Committed to graduate in 2020, Laura Madler is Editor-in-Chief and third year staff writer for The Lion's Roar. She is a member of the Menchville Marching...
The Death of Film: Part I. The Beginnings
March 19, 2019
When exploring the topic of movie universes and sequels, it is necessary to consult the professionals. In Part I of the “Death of Film” series, creators and hosts of the LaF Podcast Richard Lusk and Ryan Bull discuss the origin story of movie universes and their growth in the box office.
Go open a new tab, type in the name of your nearest movie theater, and look at the list of movies playing. What do you see? Do you notice something a little strange? Look closer. I’ll bet there’s at least one Marvel movie, more sequels or installments in a series, and maybe a Disney “live-action” remake for good measure.

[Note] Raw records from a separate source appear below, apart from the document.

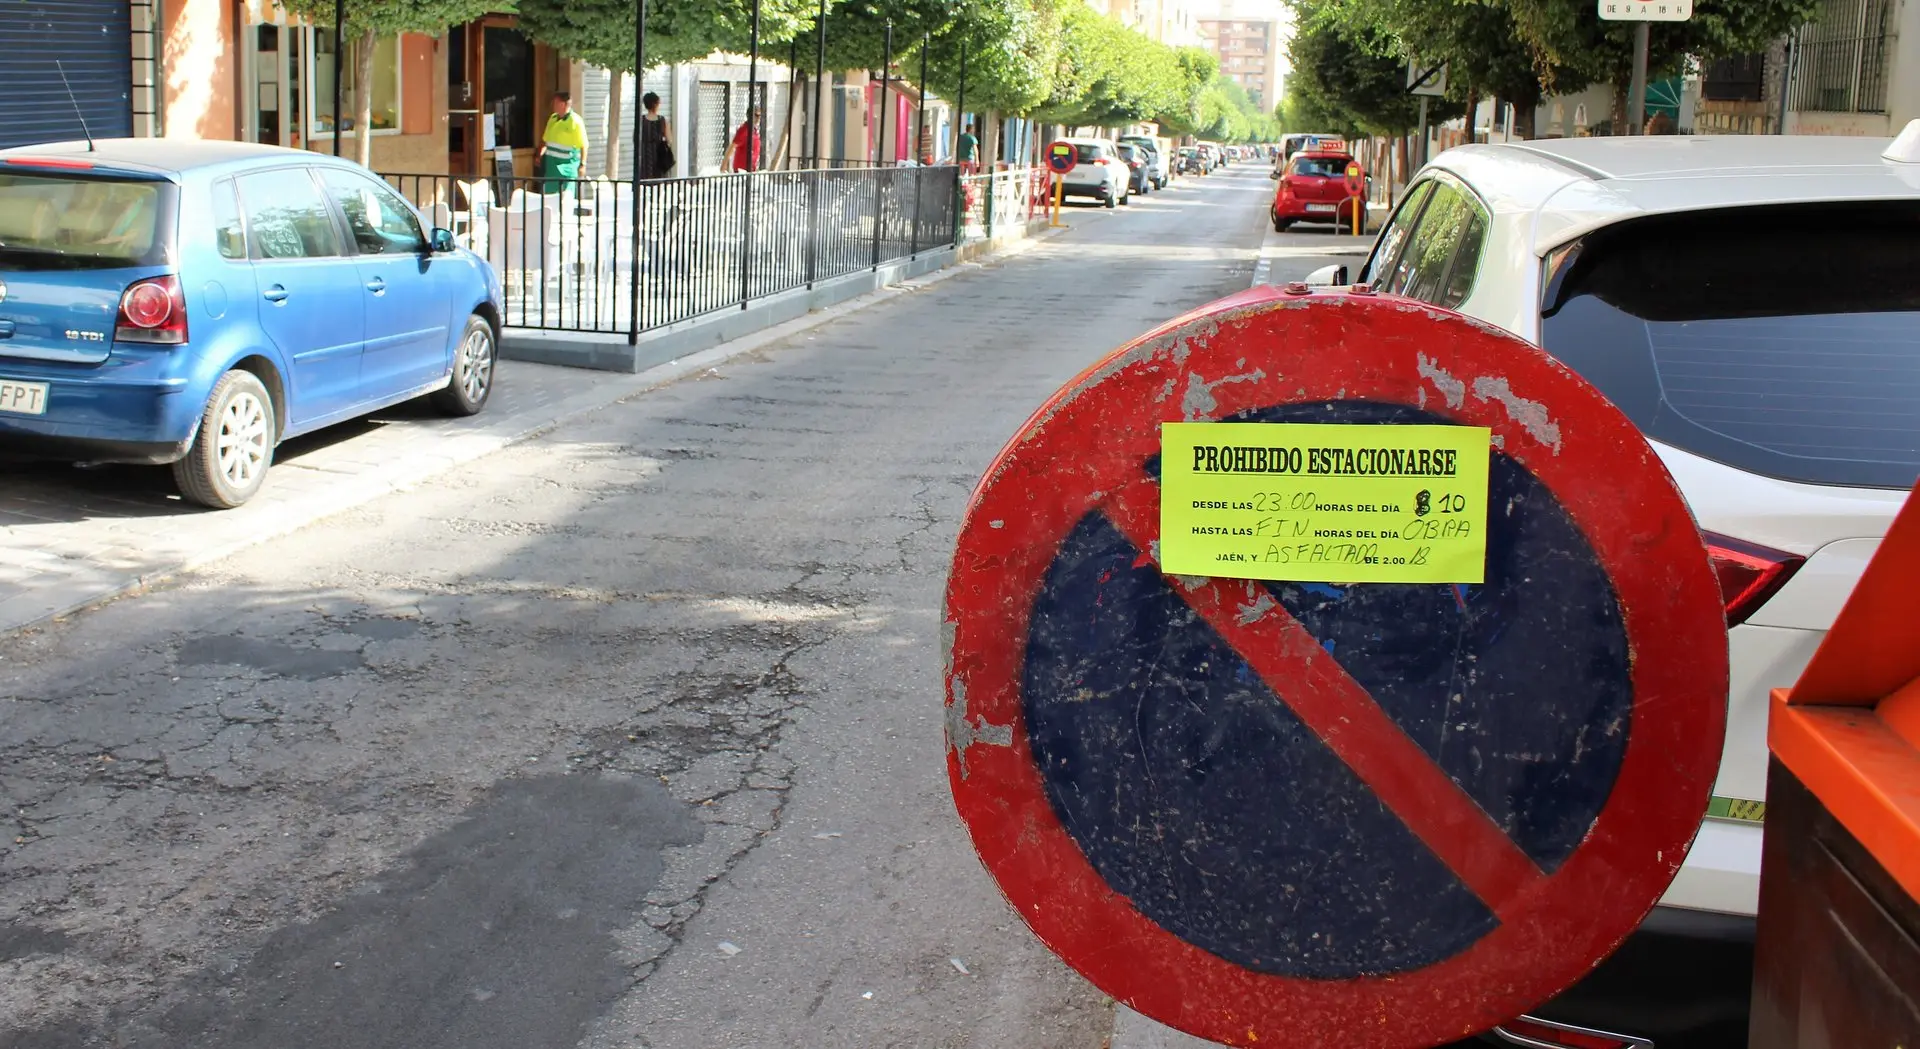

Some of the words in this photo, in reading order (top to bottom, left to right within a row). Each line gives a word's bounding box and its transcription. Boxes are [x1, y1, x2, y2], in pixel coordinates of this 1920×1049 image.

[1607, 4, 1616, 13] DE
[1640, 5, 1647, 14] A
[1676, 5, 1683, 14] H
[1192, 445, 1303, 474] PROHIBIDO
[1307, 447, 1457, 476] ESTACIONARSE
[1192, 500, 1228, 509] DESDE
[1232, 501, 1253, 510] LAS
[1253, 491, 1317, 512] 23:00
[1315, 504, 1353, 513] HORAS
[1357, 504, 1378, 513] DEL
[1381, 503, 1401, 513] DÍA
[1438, 493, 1466, 514] 10
[1192, 526, 1229, 535] HASTA
[1232, 527, 1253, 536] LAS
[1255, 516, 1310, 538] FIN
[1314, 530, 1353, 539] HORAS
[1356, 530, 1377, 539] DEL
[1380, 529, 1400, 539] DÍA
[1403, 518, 1471, 541] OBRA
[1251, 554, 1258, 562] Y
[1364, 556, 1379, 564] DE
[1382, 557, 1405, 565] 2.00

This isn’t psychic vision here- it’s the pattern of the modern movie industry. Original films are small potatoes. Instead, theaters are looking at three live-action Disney movies, three new MCU movies, and unavoidable scores of sequels just in the next six months after this article’s publication. This begs the question- how did this happen to film?
The origin of the sequel is not hard to pin down. When a movie is successful and the story can be extended past one release, logically production companies will follow up films with a sequel. After all, if you already have a fan base for a movie, it’s even easier to make money off the next installments because there’s a guaranteed audience. Sequels now are often planned before the first movie even comes out, with most studios aiming to hit the jackpot “franchise” status with every new idea.
“It used to be sequels were where you make your money, and you still do, but the problem with the sequel is that it comes out every two to three years,” explained Bull. “Now someone goes to the movies and you show them a trailer for something that’s coming out in four months; you sell them on the next thing before they’ve even seen the thing they came to watch.”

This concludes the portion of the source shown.